Road construction on a grand scale

Growing economies need ever-better infrastructure; with 3,200km of road to build the Maghreb states are thinking big

There is little argument that North Africa has developed into a boom region in recent years. In order to maintain this growth, huge investments have been made in a gigantic road construction project. “Autoroute Transmaghrébine” is the name of the largest African road building project ever and is currently the largest in the world. Once completed, the motorway is planned to connect the Maghreb states of Morocco, Algeria, Tunisia and Libya over a stretch of more than 3,000km. The construction work is already well on its way in Algeria, where three consortia were awarded the contracts for building 1,200 km of the motorway. Numerous machines from the Wirtgen Group are also being employed for this project, including 36 pavers, 30 Hamm rollers and Wirtgen slipform pavers for building the concrete crash barriers.

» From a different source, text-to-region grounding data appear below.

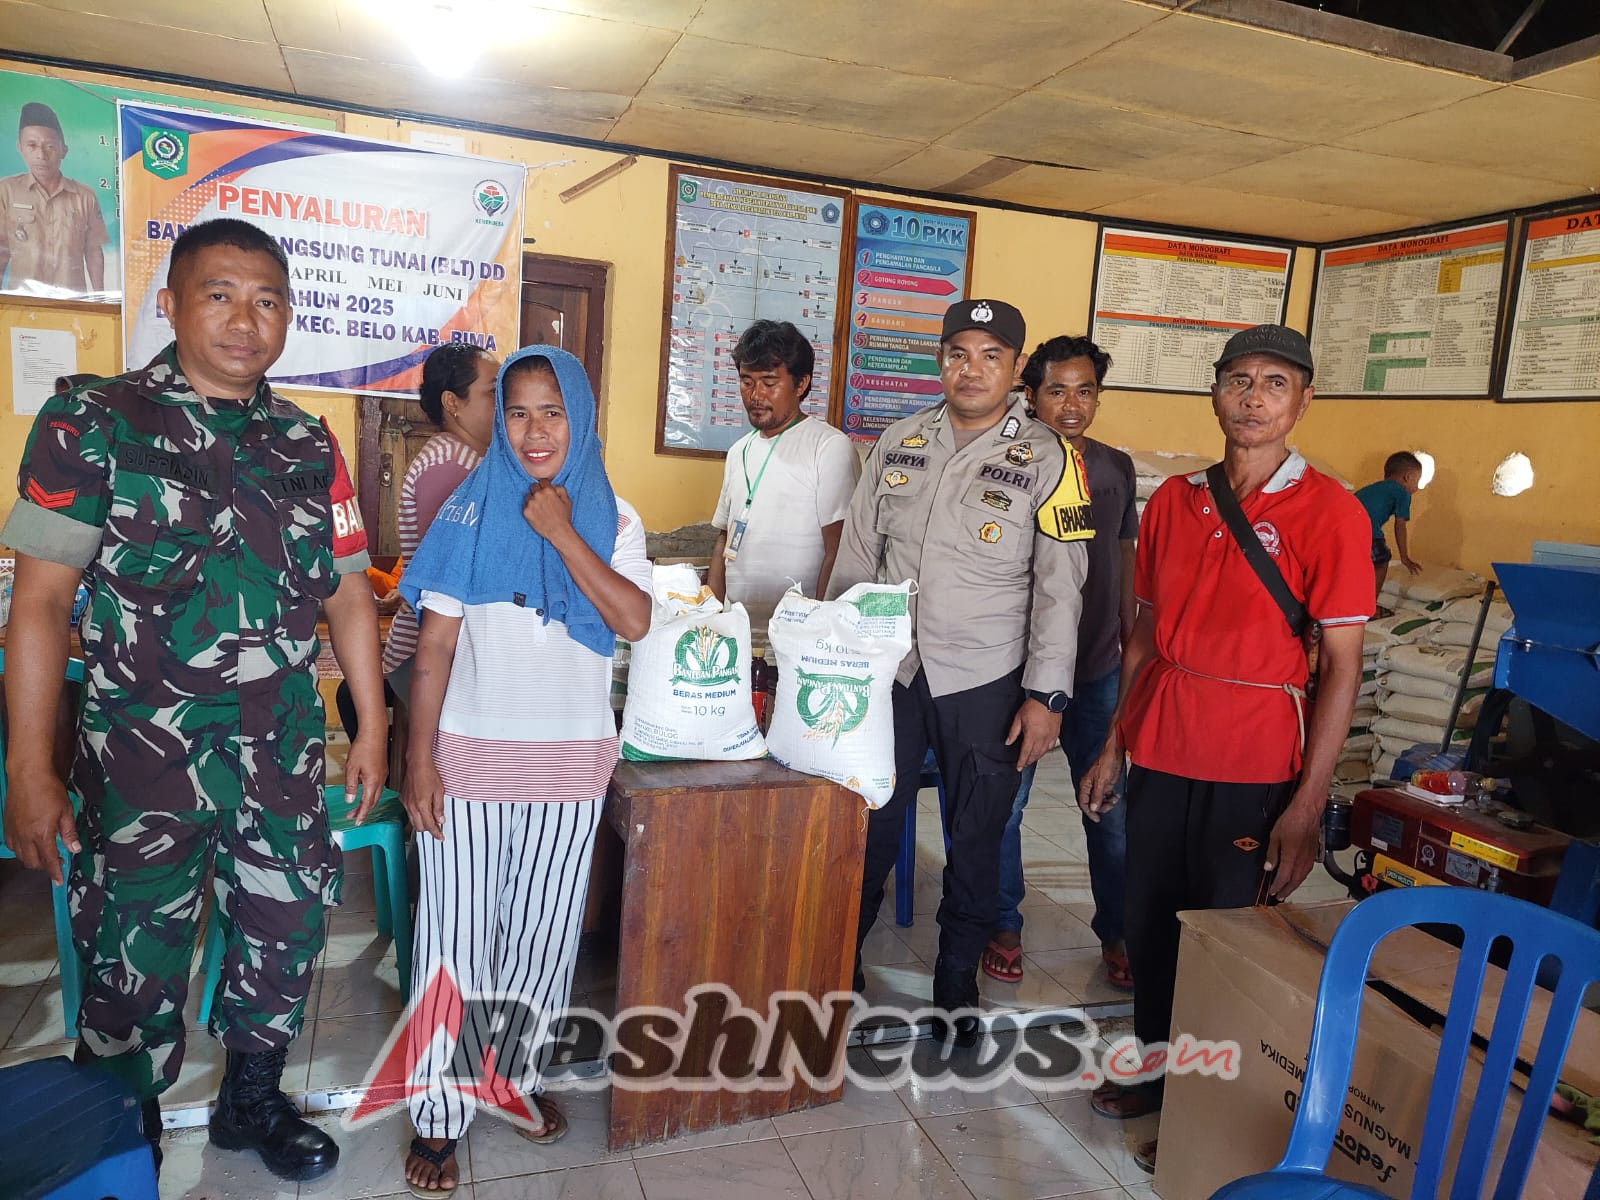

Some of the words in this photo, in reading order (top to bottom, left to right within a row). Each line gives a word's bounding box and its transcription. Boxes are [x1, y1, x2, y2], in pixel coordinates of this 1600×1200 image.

[99, 136, 110, 146] 1.
[100, 179, 111, 189] 2.
[217, 184, 427, 237] PENYALURAN
[1567, 214, 1600, 230] DAT
[893, 215, 920, 239] 10
[923, 225, 964, 246] PKK
[1167, 241, 1188, 251] DATA
[1188, 244, 1231, 255] MONOGRAFI
[1377, 242, 1398, 252] DATA
[1400, 235, 1449, 249] MONOGRAFI
[271, 236, 364, 264] NGSUNG
[370, 248, 426, 272] TUNAI
[431, 255, 475, 281] (BLT)
[479, 262, 506, 281] DD
[862, 251, 870, 264] 1
[875, 252, 912, 263] PENGHAYATAN
[290, 266, 347, 285] APRIL
[367, 276, 403, 293] MEI
[423, 283, 463, 301] JUNI
[860, 271, 870, 284] 2
[874, 276, 897, 284] GOTONG
[897, 279, 919, 287] ROYONG
[288, 288, 340, 310] AHUN
[346, 295, 394, 316] 2025
[858, 293, 869, 305] 3
[857, 313, 868, 326] 4
[296, 314, 341, 335] KEC.
[347, 319, 396, 341] BELO
[402, 325, 446, 345] KAB.
[451, 331, 497, 351] BIMA
[853, 332, 866, 347] 5
[869, 341, 889, 349] RUMAH
[853, 354, 864, 367] 6
[868, 355, 901, 364] PENDIDIKAN
[852, 375, 862, 389] 7
[865, 379, 908, 388] KESEHATAN
[850, 394, 861, 407] 8
[848, 415, 859, 427] 9
[885, 452, 926, 468] SURYA
[980, 465, 1031, 490] POLRI
[275, 478, 307, 493] TNI
[815, 638, 832, 653] kg
[836, 645, 849, 655] 10
[801, 655, 838, 667] MEDIUM
[840, 660, 870, 669] BERAS
[673, 689, 702, 699] BERAS
[705, 689, 737, 699] MEDIUM
[693, 705, 707, 716] 10
[710, 705, 726, 717] kg
[1259, 1039, 1305, 1084] MEDIKA
[1348, 1085, 1386, 1113] ANTROP
[1345, 1103, 1412, 1158] MAGNUS
[1335, 1130, 1397, 1184] fedor

Construction of the longest section, the one running through Algeria and extending over 1,200km, began back in March 2007. According to the National Road Agency, the road building project has created some 100,000 new jobs in Algeria alone, with the number of jobs created indirectly expected to reach two to three times that figure.

The motorway passes 55 cities with a total population of more than 50mn, 22 international airports, as well as the largest ports, railway stations, universities, hospitals and the most important industrial and tourist areas in the three Maghreb states. The “Autoroute Transmaghrébine” thus represents the most crucial economic nerve of the rising region.

The motorway, with three lanes in each direction spans the country from East to West, passing over 190 bridges and through five tunnels. After completion, the travel time from the Tunisian-Libyan border to Morocco will be 10 hours.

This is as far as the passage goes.